Please repeat every record exactly, leaving out any pictures.

→ **SUPPLIED MATERIAL**:
┄┄┄┄┄┄

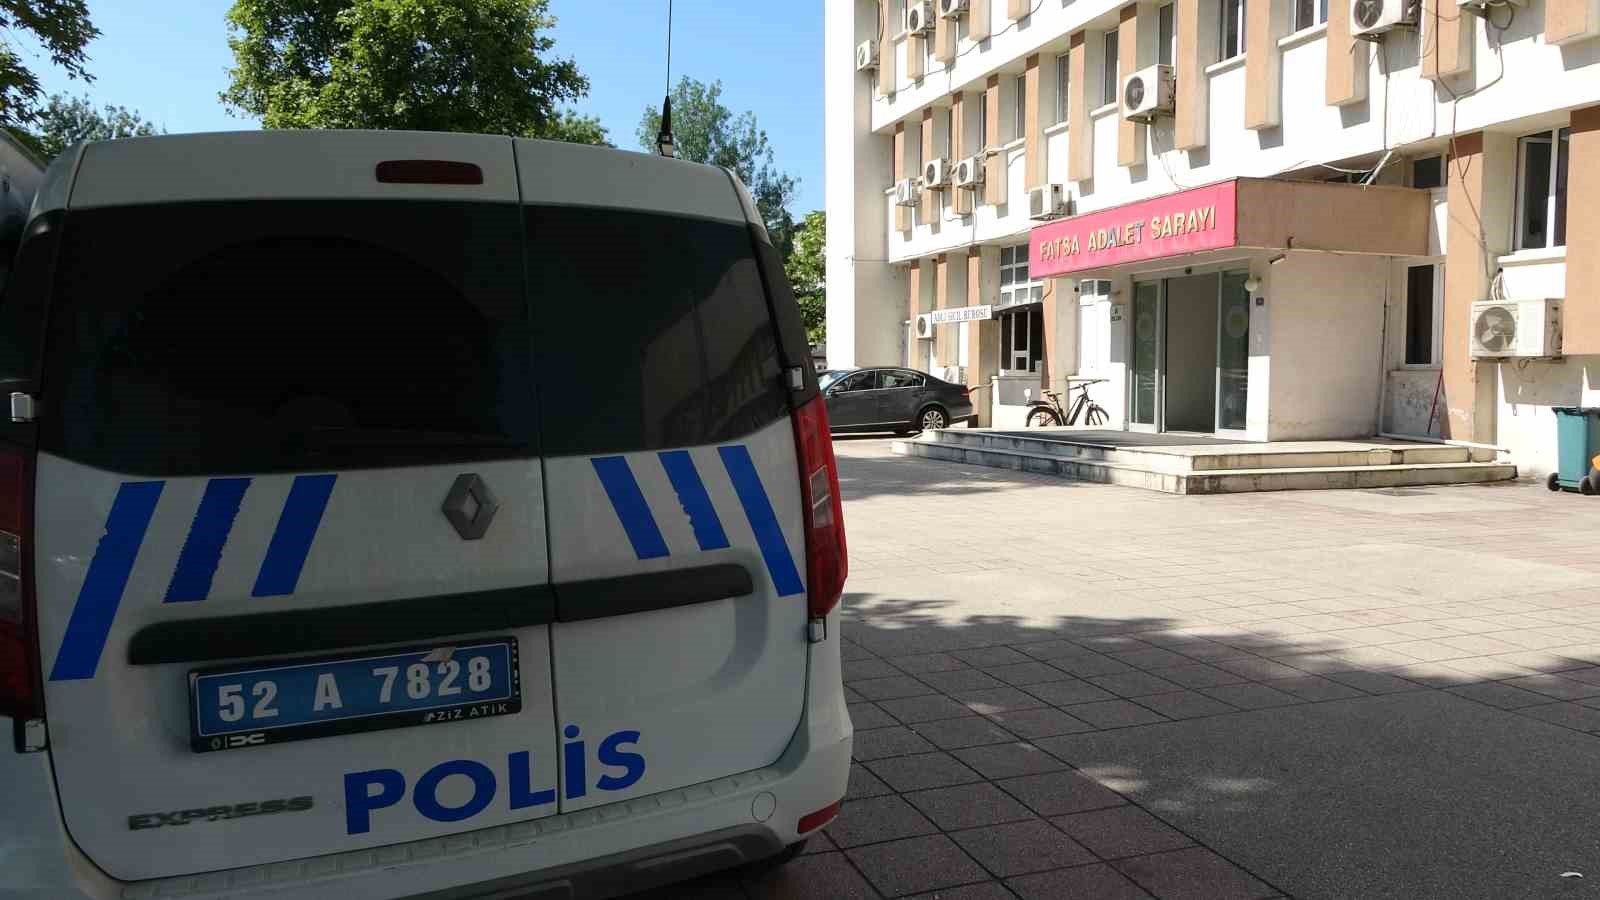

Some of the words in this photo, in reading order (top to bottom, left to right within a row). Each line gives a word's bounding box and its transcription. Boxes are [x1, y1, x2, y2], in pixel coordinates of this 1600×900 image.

[1039, 235, 1081, 262] FATSA
[1087, 221, 1145, 252] ADALET
[1150, 205, 1217, 240] SARAYI
[217, 684, 279, 722] 52
[313, 672, 343, 711] A
[372, 656, 492, 704] 7828
[344, 725, 645, 835] POLİS
[128, 796, 314, 831] EXPRESS

┄┄┄┄┄┄

→ **EXERCISE RESPONSE**:
Some of the words in this photo, in reading order (top to bottom, left to right within a row). Each line gives a word's bounding box and its transcription. Boxes are [x1, y1, x2, y2], in pixel coordinates of this 1600×900 image.

[1039, 235, 1081, 262] FATSA
[1087, 221, 1145, 252] ADALET
[1150, 205, 1217, 240] SARAYI
[217, 684, 279, 722] 52
[313, 672, 343, 711] A
[372, 656, 492, 704] 7828
[344, 725, 645, 835] POLİS
[128, 796, 314, 831] EXPRESS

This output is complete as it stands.